(Task details) Copy out only the lines running from the one that contains "Some of the text" through the end of the listing. Pictures stay out.

(Data supplied)

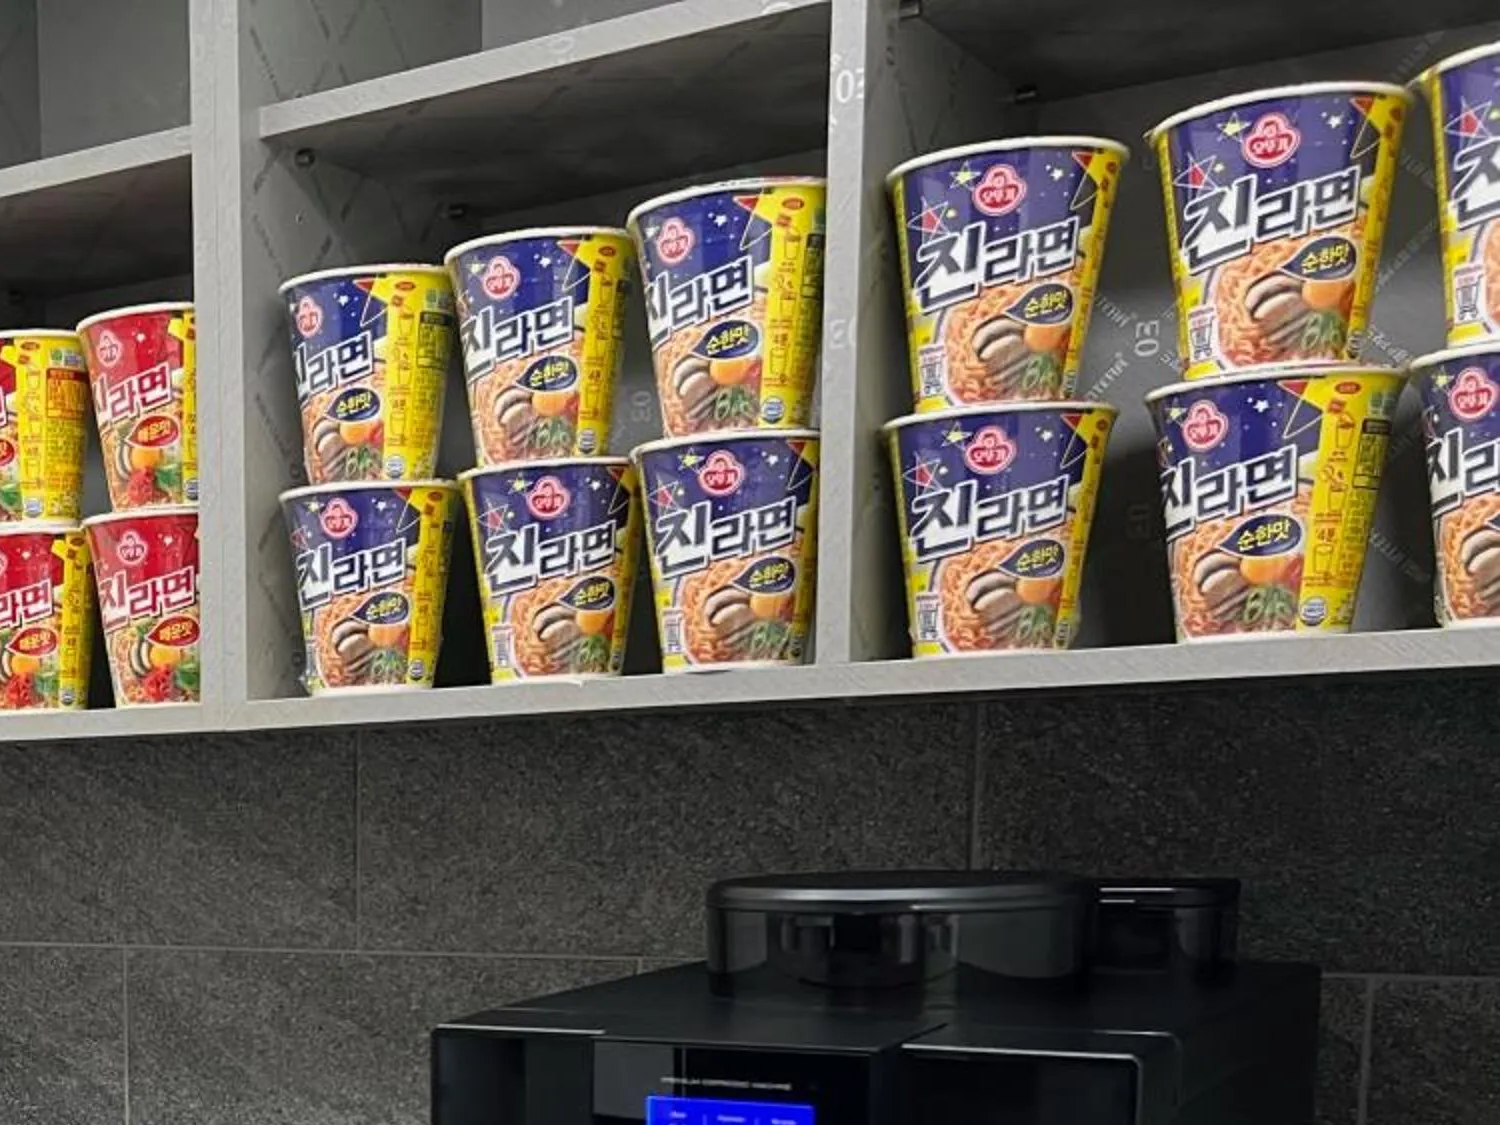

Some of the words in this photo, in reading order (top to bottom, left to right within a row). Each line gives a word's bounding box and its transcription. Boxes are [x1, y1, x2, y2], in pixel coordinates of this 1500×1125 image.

[1181, 165, 1362, 277] 진라면
[1301, 242, 1350, 274] 순한맛
[914, 215, 1081, 316] 진라면
[460, 296, 574, 384] 진라면
[706, 325, 750, 356] 순한맛
[910, 474, 1070, 565] 진라면
[1160, 443, 1299, 544] 진라면
[296, 537, 406, 611] 진라면
[485, 519, 617, 598] 진라면
[656, 496, 797, 579] 진라면
[1237, 518, 1293, 551] 순한맛
[100, 566, 194, 632] 진라면
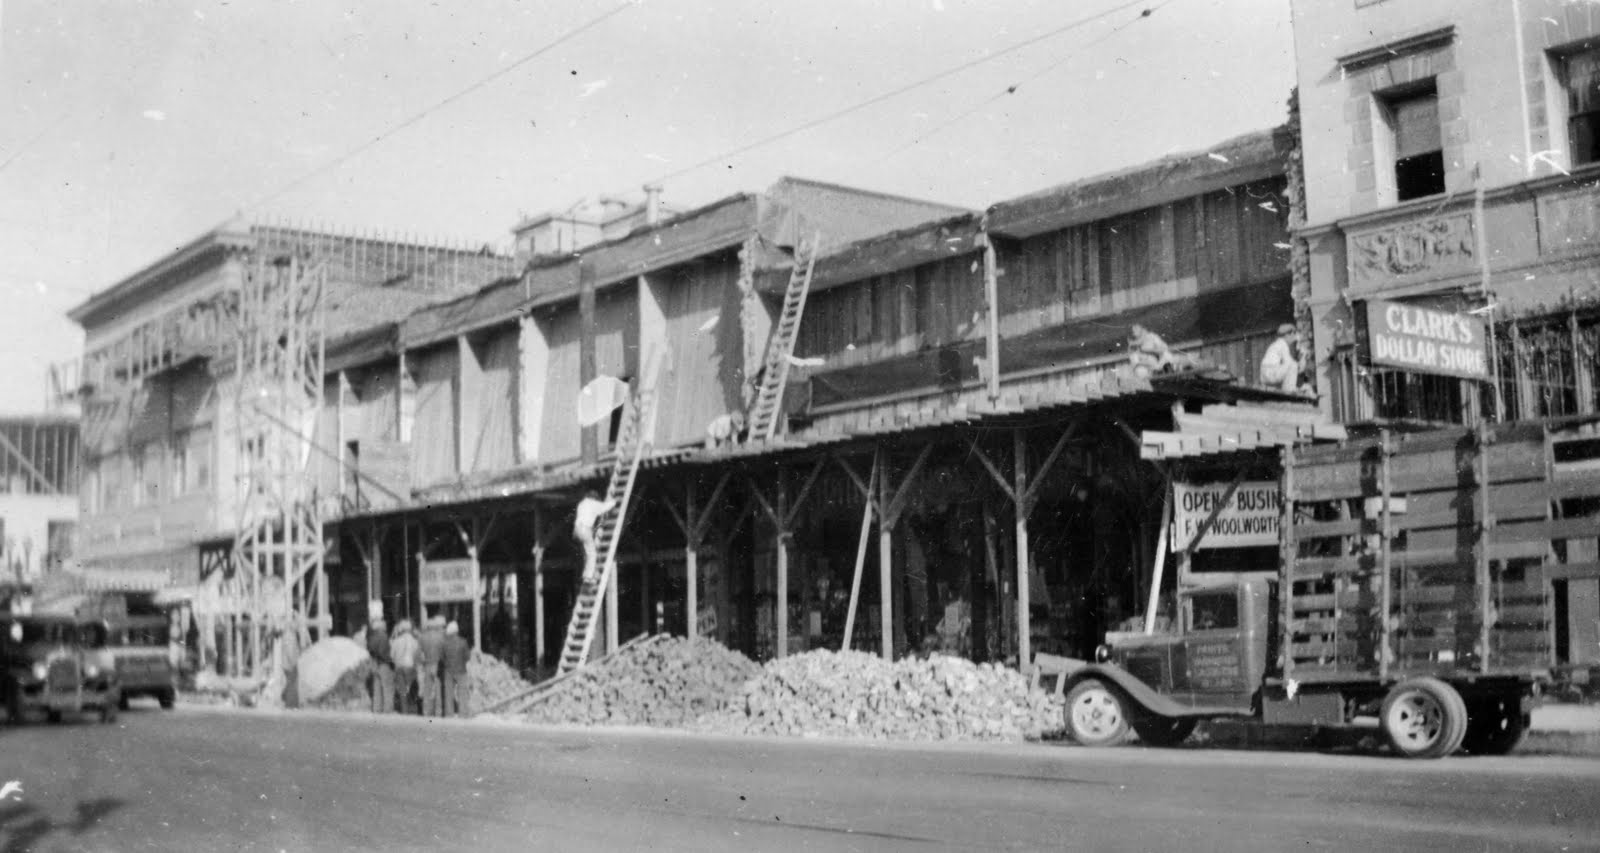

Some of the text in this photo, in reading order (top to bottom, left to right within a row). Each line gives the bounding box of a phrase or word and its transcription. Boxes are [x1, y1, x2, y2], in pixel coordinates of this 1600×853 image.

[1386, 304, 1473, 344] CLARK'S
[1376, 333, 1486, 376] DOLLAR STORE
[1182, 490, 1220, 512] OPEN
[1237, 490, 1279, 511] BUSIN
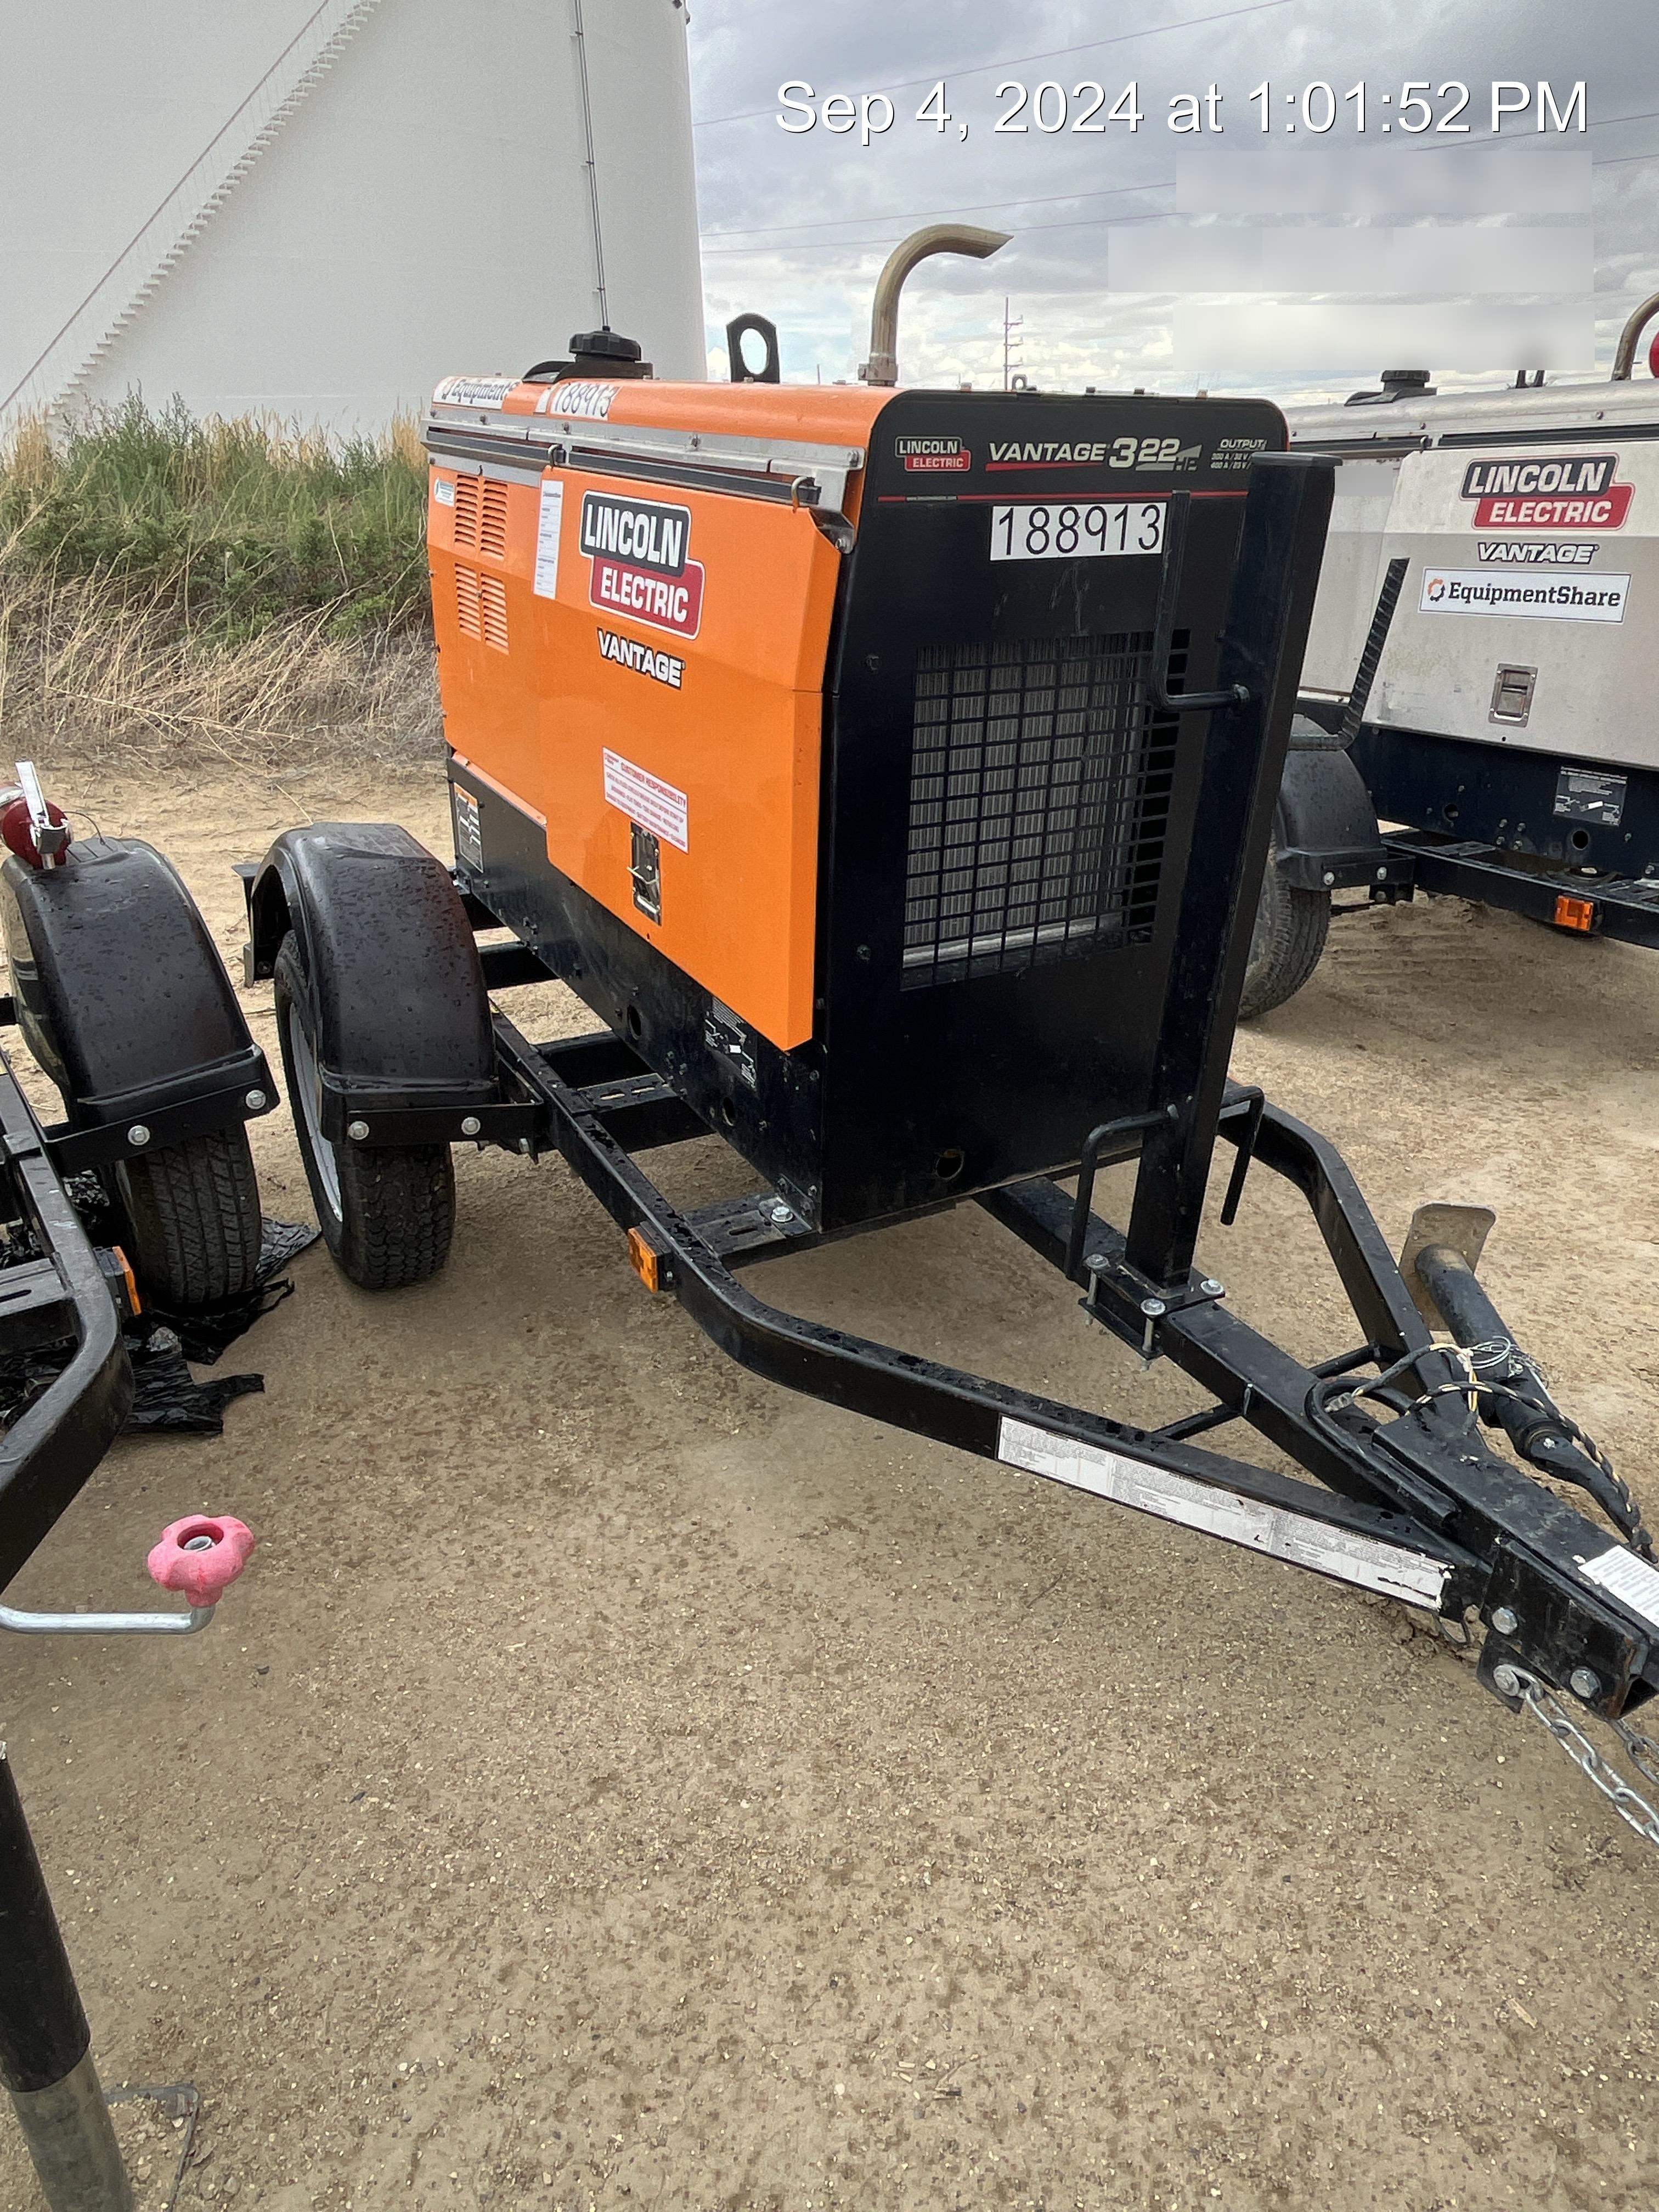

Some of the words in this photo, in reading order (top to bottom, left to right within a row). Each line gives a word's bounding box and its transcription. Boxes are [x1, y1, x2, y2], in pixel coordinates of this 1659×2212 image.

(Written solution)
Some of the text in this photo, in reading order (top to bottom, left to right within a row). Each line gives the bounding box of a phrase or word and its transcription. Boxes are [x1, y1, x2, y2], in pixel coordinates of this 1600×853 image.

[1386, 304, 1473, 344] CLARK'S
[1376, 333, 1486, 376] DOLLAR STORE
[1182, 490, 1220, 512] OPEN
[1237, 490, 1279, 511] BUSIN

Some of the words in this photo, in reading order (top to bottom, left to right within a row). Each line gives a word's bounding box and its transcription. Boxes are [x1, y1, x2, y2], in pixel coordinates of this 1659×2212 image.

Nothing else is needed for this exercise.